[INSTRUCTIONS FOR THE TASK]: For every entry, reproduce the wording exactly and omit any image it holds.

-------

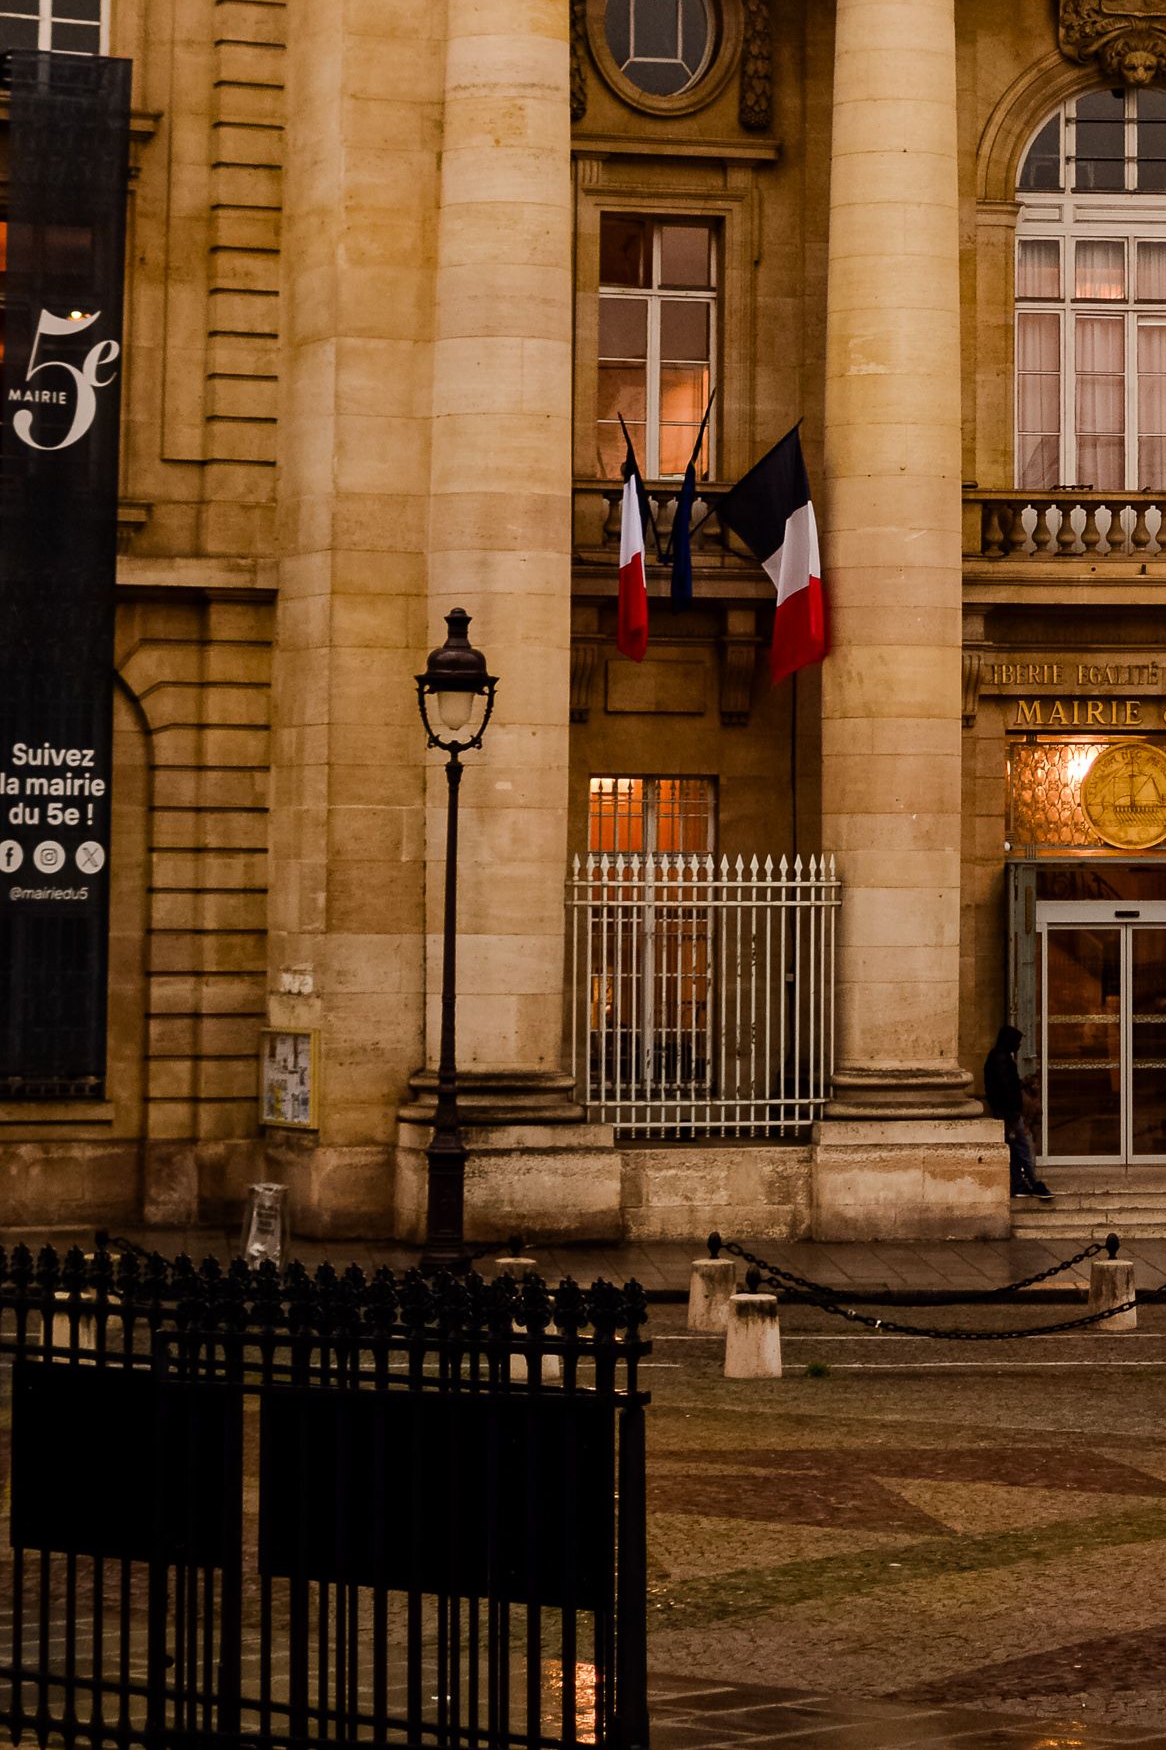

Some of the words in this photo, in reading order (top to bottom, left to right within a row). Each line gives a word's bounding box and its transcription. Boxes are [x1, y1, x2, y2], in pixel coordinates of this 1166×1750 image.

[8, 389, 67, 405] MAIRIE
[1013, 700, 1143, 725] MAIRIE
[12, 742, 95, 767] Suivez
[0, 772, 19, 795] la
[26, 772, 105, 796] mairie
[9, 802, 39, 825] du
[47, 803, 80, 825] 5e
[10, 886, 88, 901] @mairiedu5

-------

[EXERCISE ANSWER]:
Some of the words in this photo, in reading order (top to bottom, left to right within a row). Each line gives a word's bounding box and its transcription. Boxes are [x1, y1, x2, y2], in pixel coordinates of this 1166×1750 image.

[8, 389, 67, 405] MAIRIE
[1013, 700, 1143, 725] MAIRIE
[12, 742, 95, 767] Suivez
[0, 772, 19, 795] la
[26, 772, 105, 796] mairie
[9, 802, 39, 825] du
[47, 803, 80, 825] 5e
[10, 886, 88, 901] @mairiedu5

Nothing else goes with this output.